Tuesday, April 12, 2016

Robert Frank on Luck and Dilligence

Robert Frank on Luck and Diligence

I like Robert Frank and I want to agree with him and I like a progressive consumption tax but I think he is badly off on Education and infrastructure.

I just read that USA infrastructure is good, better than it has ever been.

AND middle of the pack for the industrialized countries. That matches with my experience also. How much does the U.S. spend on infrastructure compared to the rest of the world?
It's in the middle of the pack. Between 2001 and 2011, annual public investment averaged 3.3 percent of gross domestic product, according to the Organization for Economic Cooperation and Development. The average OECD nation spent 3 percent of GDP over the same period.
AND anyway transportation is only 3% of the federal budget doubling spending on it would not be that big a deal.

AND further more, roads should be paid for with the gasoline taxes and airport with usage fees to the airlines.
  Frank and I really disagree on education. I think school spending should be cut in half. Spending above 1965 levels seems to not have much effect.


Related excerpt:   
The achievement decline cannot be blamed on inadequate spending. Between 1960 and 1995, annual per pupil spending in the United States rose from $2,122 to $6,434 in inflation-adjusted 1995 dollars.3 By 1999, the United States was spending an average of $7,397 per K–12 student. Spending in other industrialized countries averaged $4,850. Only Switzerland, at $8,194 per pupil, spent more than the United States.4 In industrialized countries, student scores on the Third International Mathematics and Science Studies tests are uncorrelated with spending. Though per capita U.S. spending is high and the academic achievement of its fourth-graders is above average, its eighth-graders score in the middle of the pack, and twelfth-grade achievement is consistently among the lowest of the countries studied.
Even Franks example:
and if they do that and I don't do that, then my kid goes to the school with a metal detector out front.

That is bad students not bad schools. I went to schools with metal detectors and they were good schools with some bad students. You cannot get away from bad students! In the "bad school" that I went to teachers would bend over backwards to help any student who showed a little interest I think because so few students did.

Here is a related blog post by me.
 
Also I think we could get to a progressive consumption tax by removing the cap on the IRA and removing the penalties for early withdrawal and taxing people on any earnings not put in the IRA plus any withdrawals from the IRA.

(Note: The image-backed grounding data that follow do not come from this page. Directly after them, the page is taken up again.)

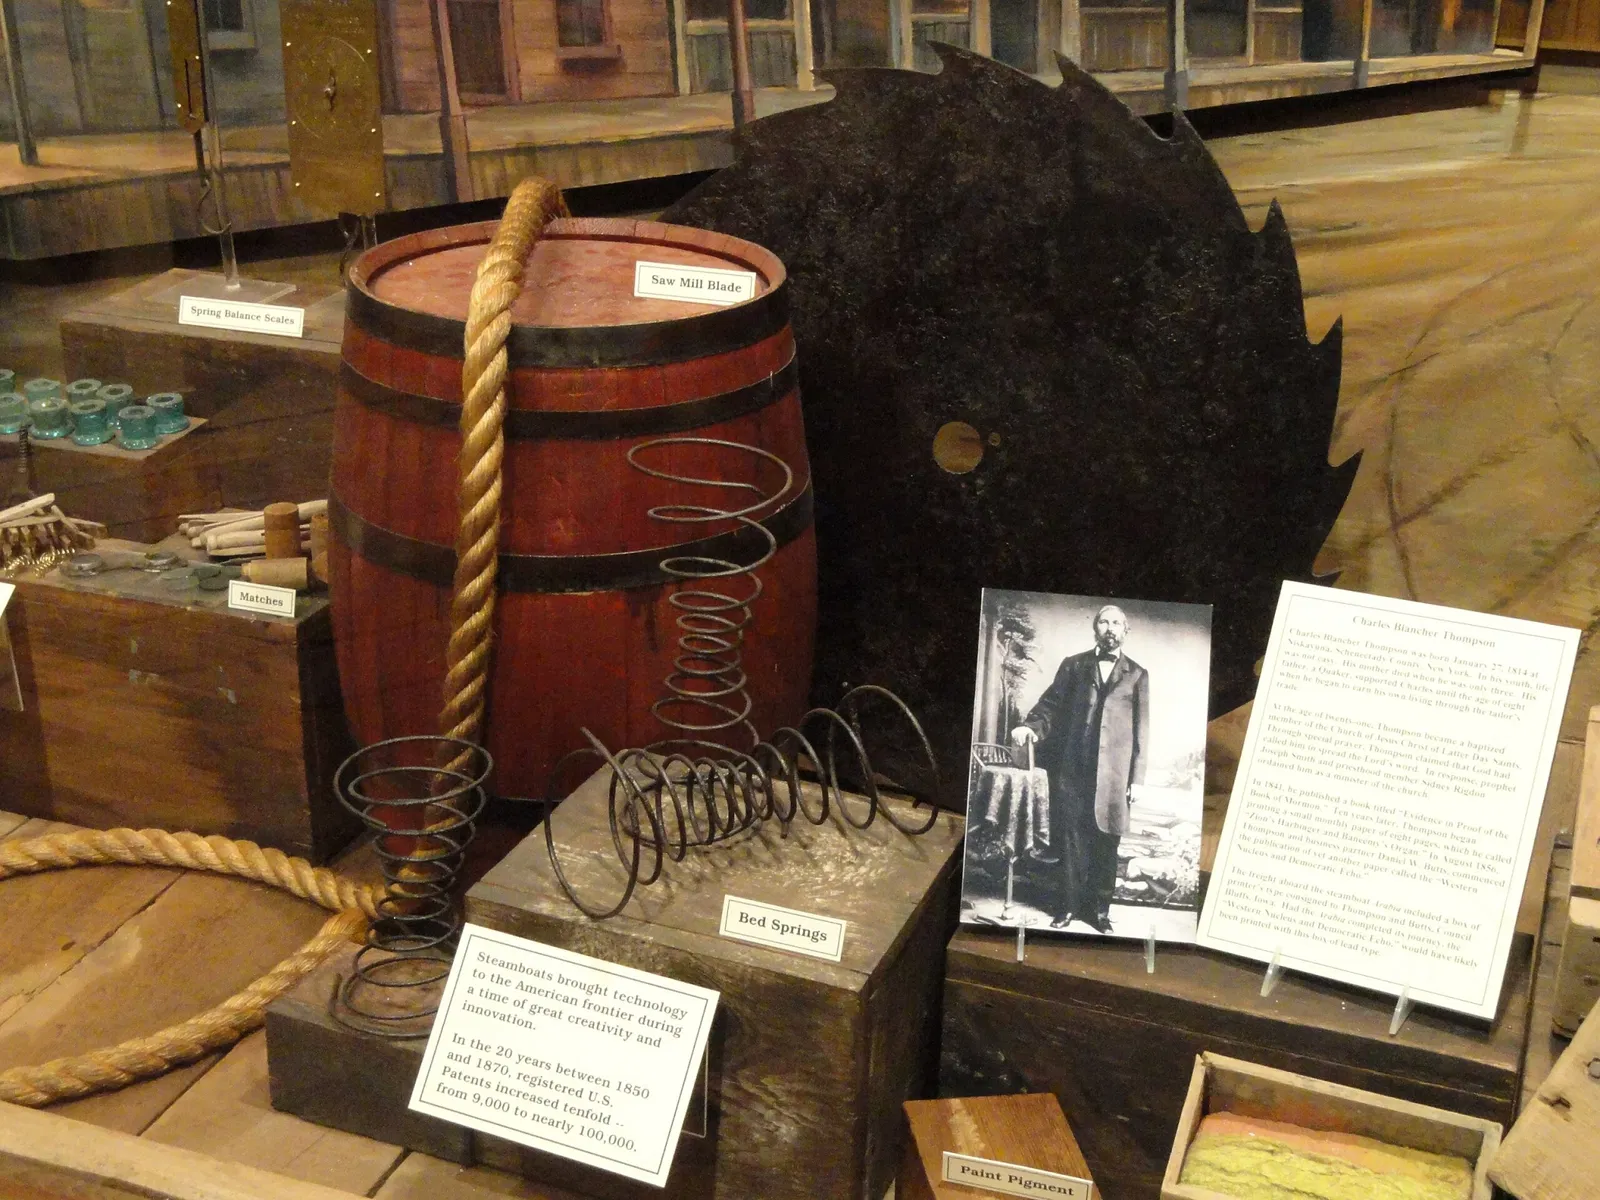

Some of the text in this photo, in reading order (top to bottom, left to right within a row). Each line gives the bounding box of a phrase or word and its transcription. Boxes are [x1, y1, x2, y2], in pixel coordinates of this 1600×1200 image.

[652, 274, 742, 293] Saw Mill Blade
[190, 306, 295, 325] Spring Balance Scales
[240, 592, 284, 607] Matches
[1351, 615, 1496, 648] Charles Blancher Thompson
[738, 912, 828, 944] Bed Springs
[472, 967, 683, 1038] to the American frontier during
[476, 950, 688, 1020] Steamboats brought technology
[461, 999, 536, 1030] innovation.
[466, 985, 662, 1048] a time of great creativity and
[446, 1051, 613, 1107] and 1870, registered U.S.
[451, 1032, 650, 1099] In the 20 years between 1850
[435, 1081, 636, 1152] from 9,000 to nearly 100,000.
[441, 1064, 492, 1089] Patents
[494, 1080, 559, 1110] increased
[562, 1102, 611, 1125] tenfold
[960, 1165, 1074, 1196] Paint Pigment
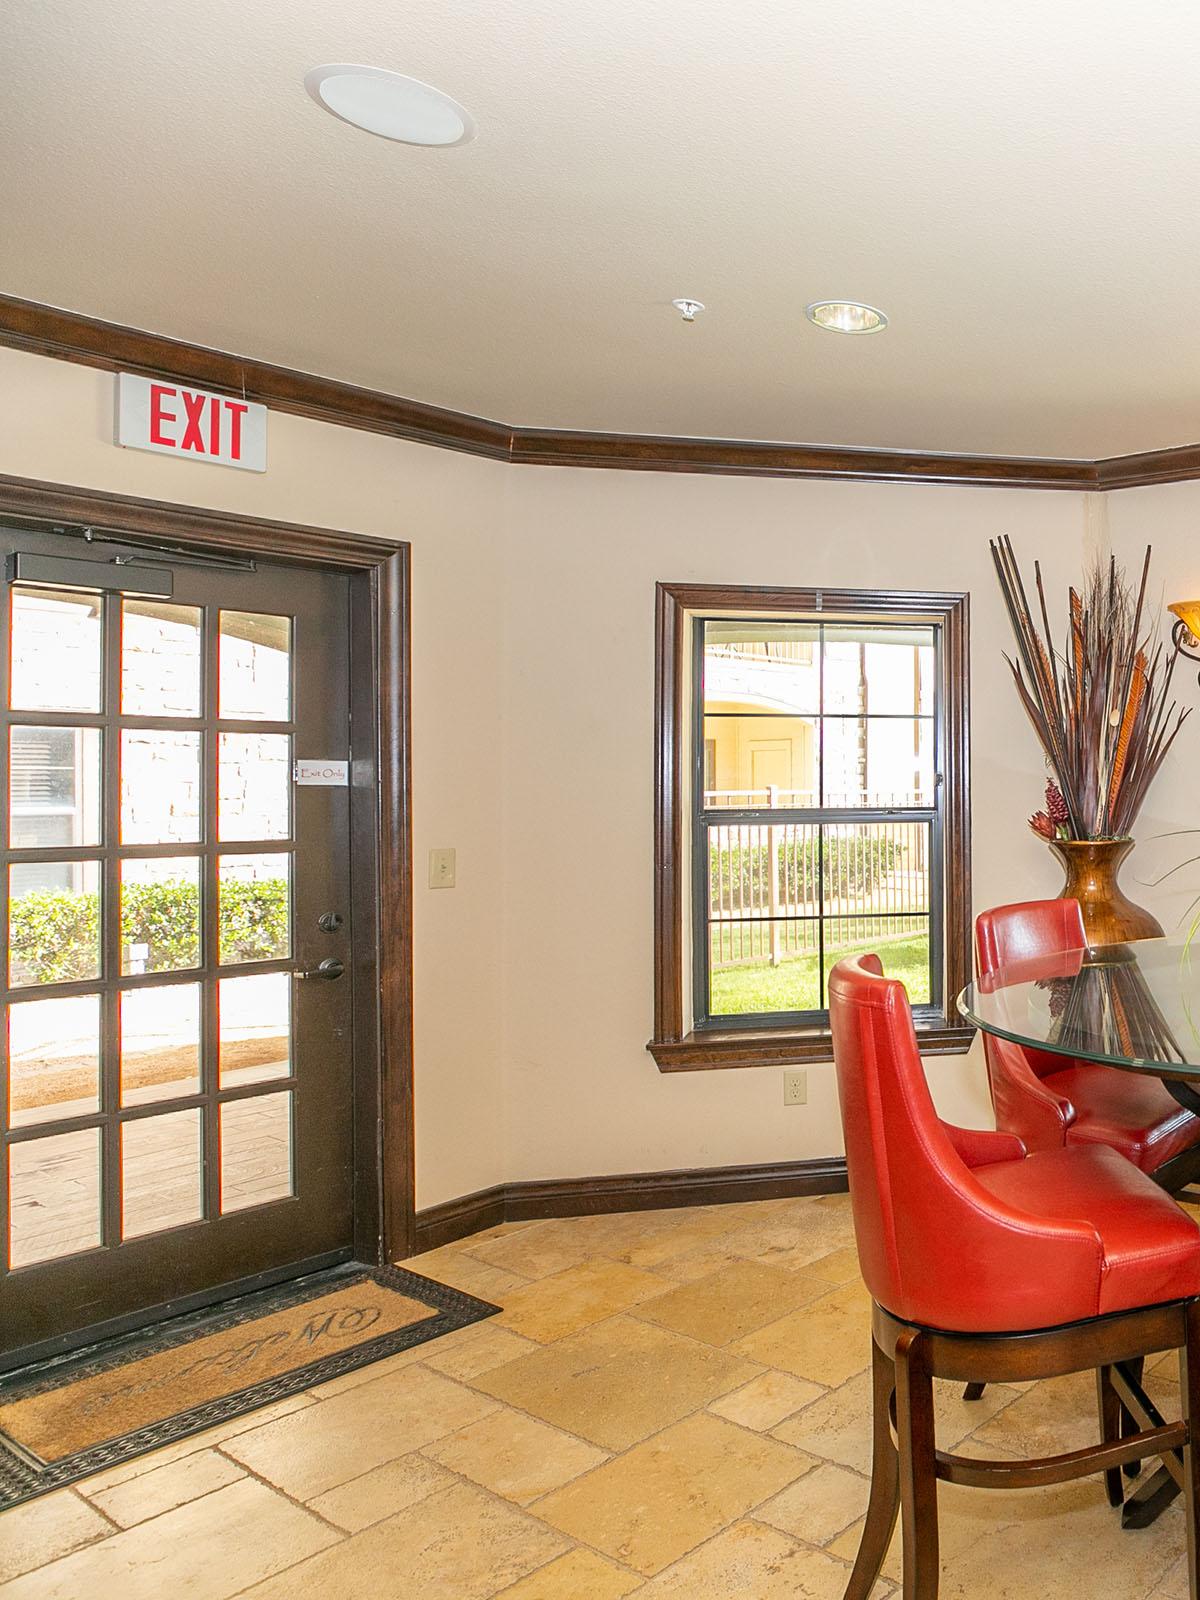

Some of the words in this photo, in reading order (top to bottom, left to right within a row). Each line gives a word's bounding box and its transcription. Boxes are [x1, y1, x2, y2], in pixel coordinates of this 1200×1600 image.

[151, 384, 248, 460] EXIT
[301, 768, 321, 778] Exit
[322, 768, 345, 780] Only

Finally we USAers are a great and wild and diverse lot. We are not all northern Europeans and the northern European model does not even work so well in Italy, Spain, Portugal and Greece. My mothers family is from Sicily and they brought with them a little of Sicilian attitudes and paranoia. Those attitudes seems to hang on through the generations. Those types of attitudes make the northern European model not work. As it seems to not even work so well for Arabs in Belgium and France.

I say considering the mix of people we have the USA does incredibly well. Much better than the Northern European model would work here. Continued immigration may eventually make it fail even in Northern Europe.